§ Task prompt
This exercise calls for every record to be returned exactly, with pictures removed.

___ Input data

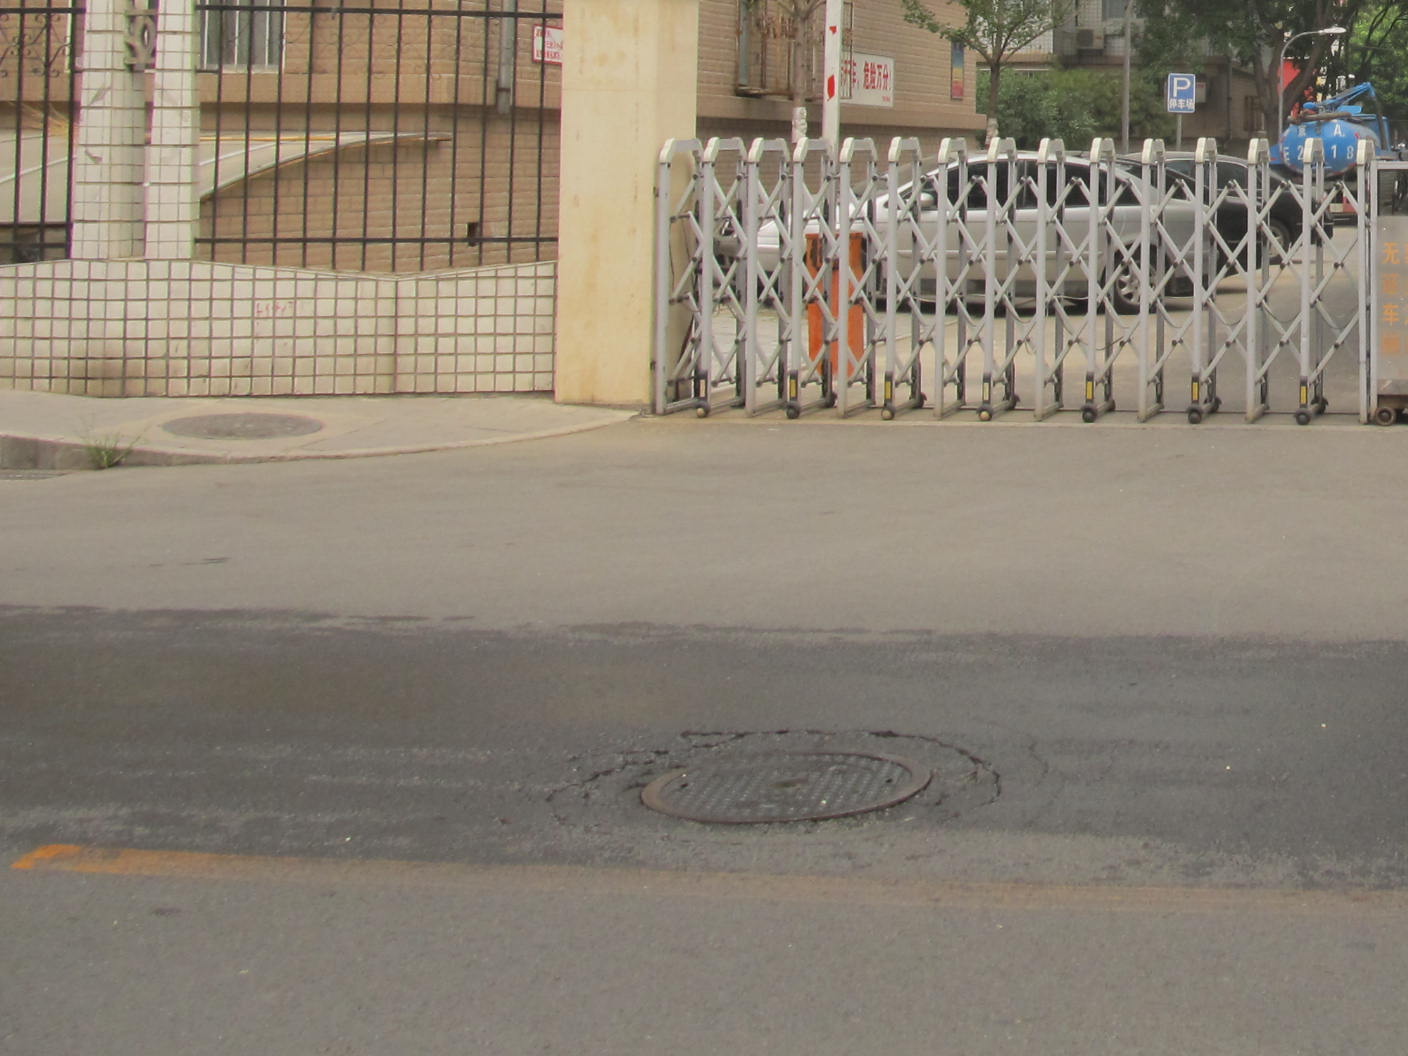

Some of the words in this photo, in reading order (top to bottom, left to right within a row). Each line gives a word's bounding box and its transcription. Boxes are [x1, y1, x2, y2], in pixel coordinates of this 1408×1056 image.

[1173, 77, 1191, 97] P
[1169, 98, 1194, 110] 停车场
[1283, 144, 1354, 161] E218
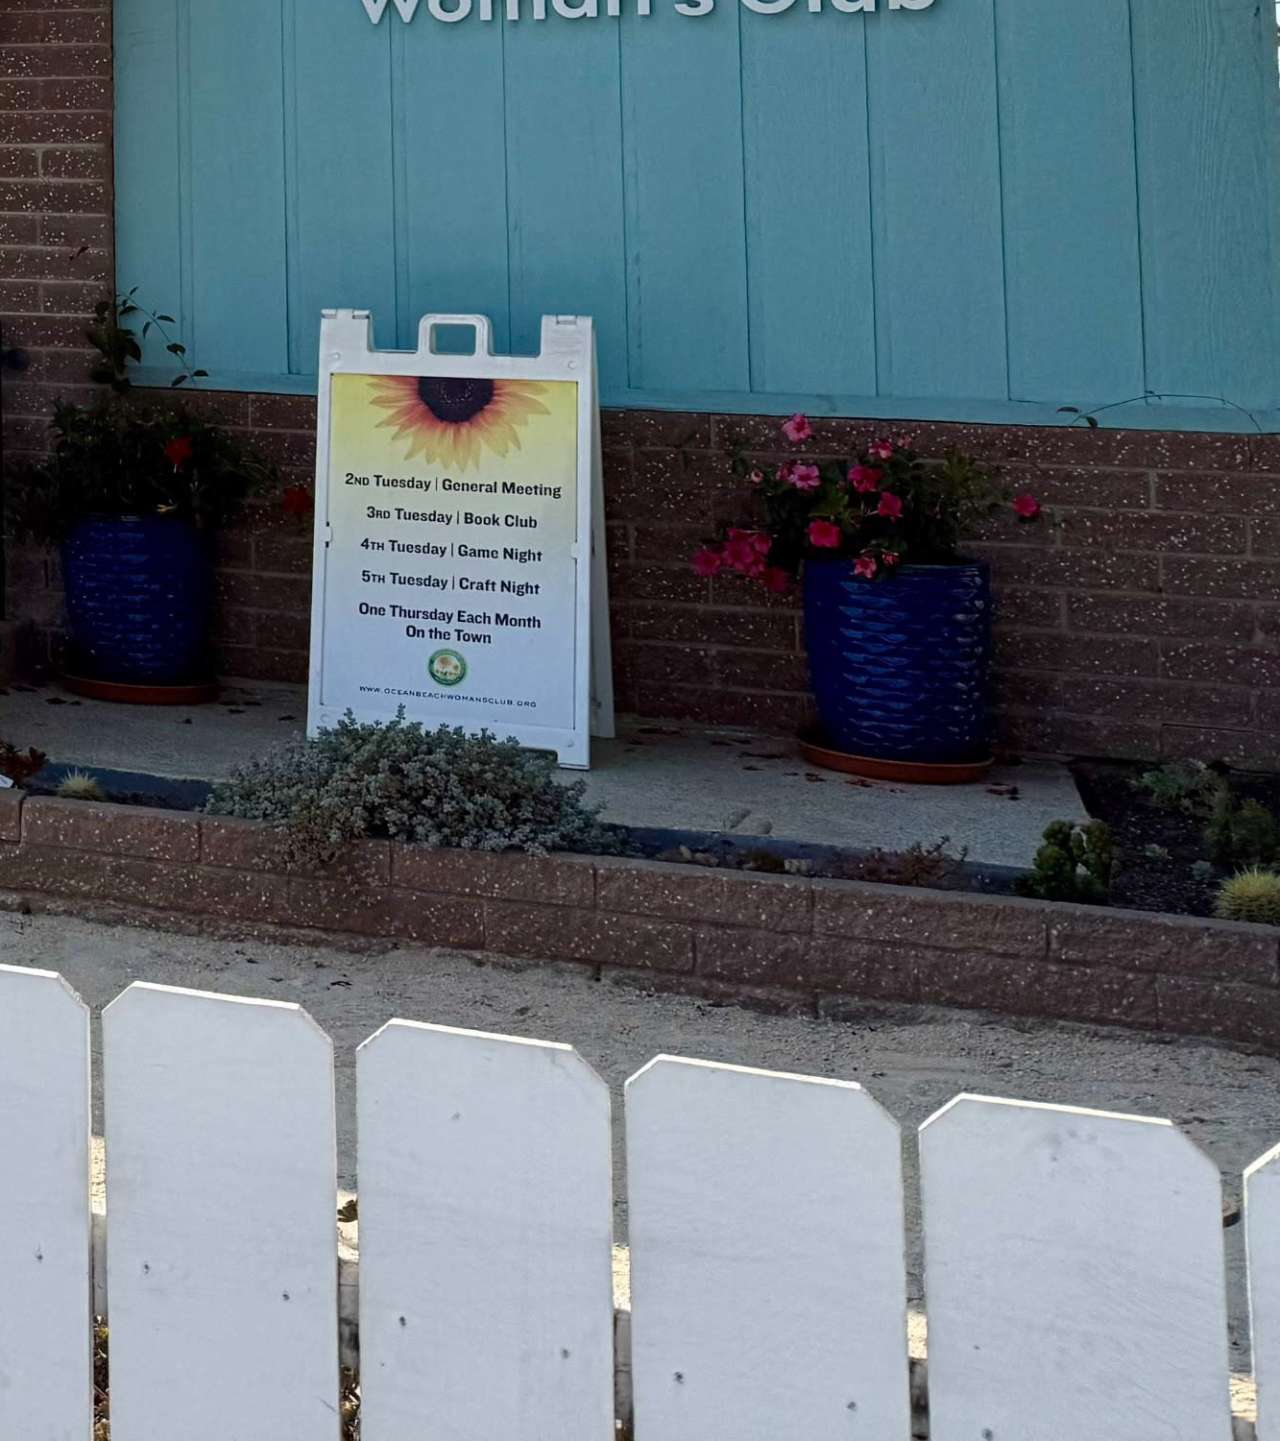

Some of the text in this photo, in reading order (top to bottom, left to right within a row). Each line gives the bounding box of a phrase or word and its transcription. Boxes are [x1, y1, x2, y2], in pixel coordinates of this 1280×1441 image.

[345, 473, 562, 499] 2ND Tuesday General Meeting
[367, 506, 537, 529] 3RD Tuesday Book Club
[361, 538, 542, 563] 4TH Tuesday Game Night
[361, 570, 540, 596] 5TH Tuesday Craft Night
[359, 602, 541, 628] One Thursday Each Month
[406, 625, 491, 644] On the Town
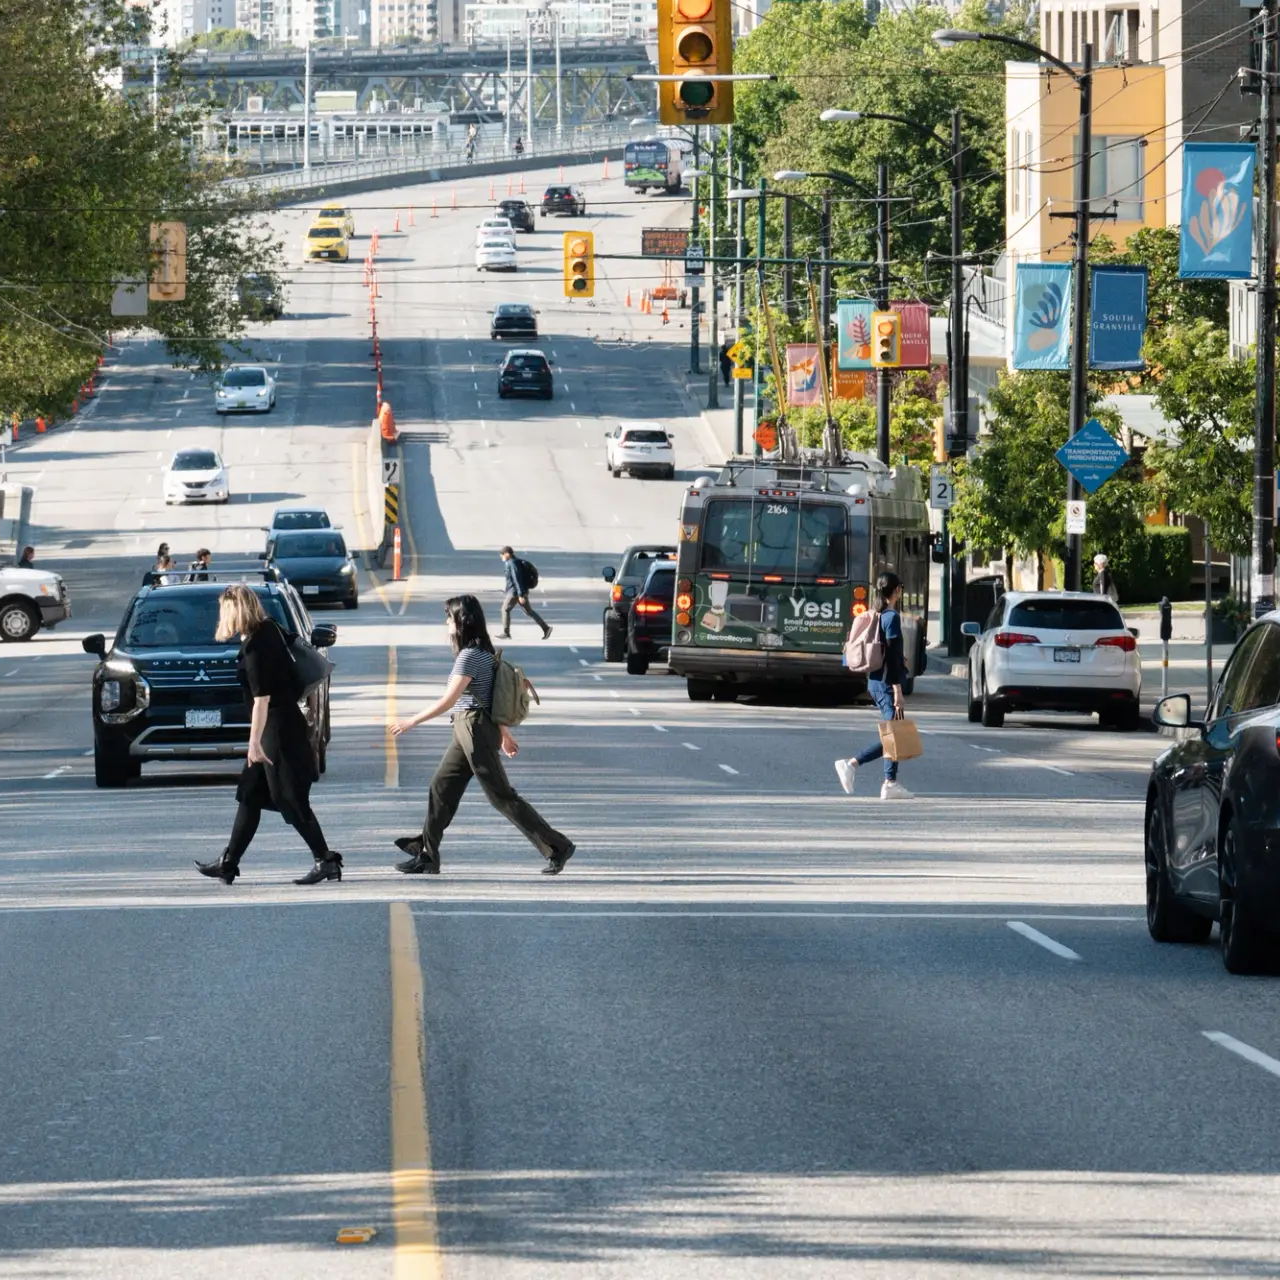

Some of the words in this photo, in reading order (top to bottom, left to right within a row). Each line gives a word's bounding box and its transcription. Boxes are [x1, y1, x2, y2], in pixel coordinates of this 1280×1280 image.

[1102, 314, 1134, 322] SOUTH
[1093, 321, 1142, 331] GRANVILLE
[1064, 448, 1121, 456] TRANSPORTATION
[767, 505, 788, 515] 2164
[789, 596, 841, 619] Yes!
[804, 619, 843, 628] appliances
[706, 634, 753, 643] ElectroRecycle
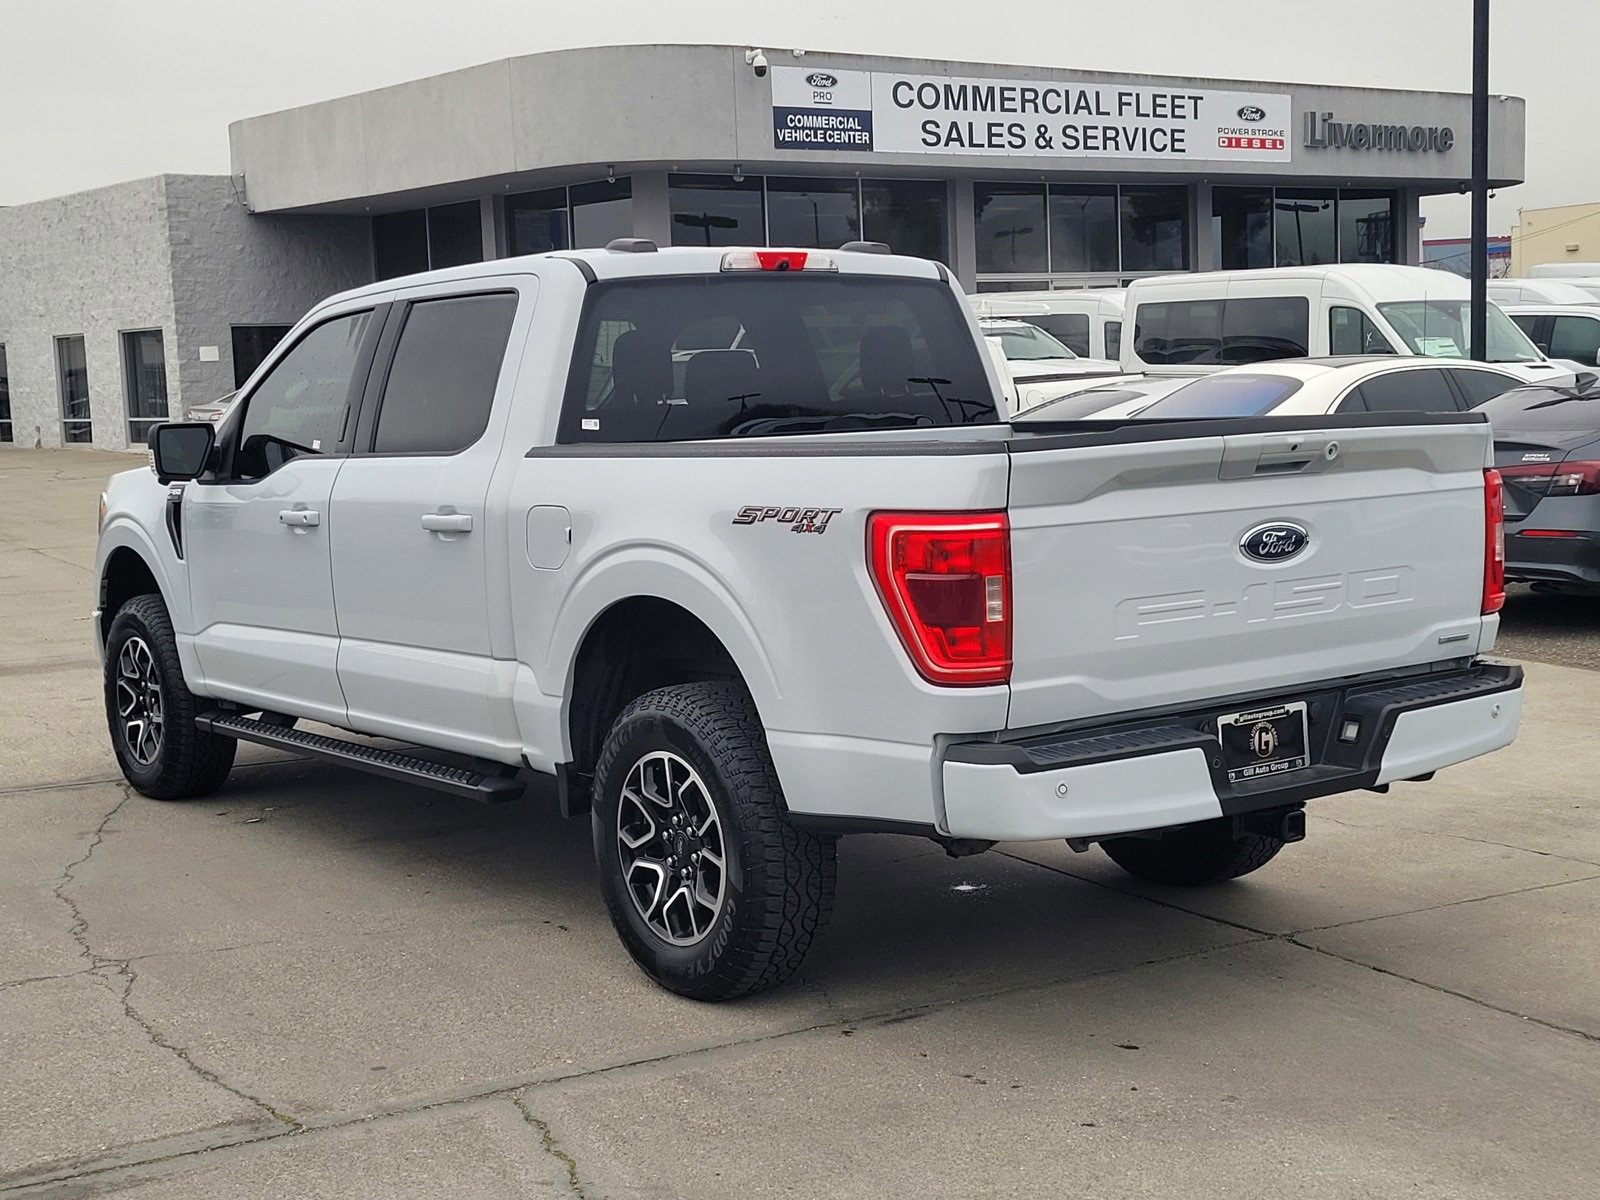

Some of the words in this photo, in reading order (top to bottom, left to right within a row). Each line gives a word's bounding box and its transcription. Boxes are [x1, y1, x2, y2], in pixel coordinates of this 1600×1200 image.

______

§ Solution for this problem
Some of the words in this photo, in reading order (top to bottom, left to right within a row). Each line gives a word's bounding box and its transcription. Boxes are [x1, y1, x2, y2], in pixel coordinates of this 1408×1056 image.

[1173, 77, 1191, 97] P
[1169, 98, 1194, 110] 停车场
[1283, 144, 1354, 161] E218

Some of the text in this photo, in reading order (top to bottom, left to right within a row). Each line gives the bounding box of a phrase or word and its transcription. Boxes are [x1, y1, x2, y2], in pixel coordinates of this 1280×1441 image.

[345, 473, 562, 499] 2ND Tuesday General Meeting
[367, 506, 537, 529] 3RD Tuesday Book Club
[361, 538, 542, 563] 4TH Tuesday Game Night
[361, 570, 540, 596] 5TH Tuesday Craft Night
[359, 602, 541, 628] One Thursday Each Month
[406, 625, 491, 644] On the Town

Some of the words in this photo, in reading order (top to bottom, left to right within a row). Each line gives a word's bounding box and its transcription. Boxes are [x1, y1, x2, y2], in pixel coordinates of this 1280×1280 image.

[1102, 314, 1134, 322] SOUTH
[1093, 321, 1142, 331] GRANVILLE
[1064, 448, 1121, 456] TRANSPORTATION
[767, 505, 788, 515] 2164
[789, 596, 841, 619] Yes!
[804, 619, 843, 628] appliances
[706, 634, 753, 643] ElectroRecycle

Some of the words in this photo, in reading order (top to bottom, left to right within a row). Each line gives a word's bounding box and its transcription. Boxes are [x1, y1, x2, y2], in pixel coordinates of this 1600×1200 image.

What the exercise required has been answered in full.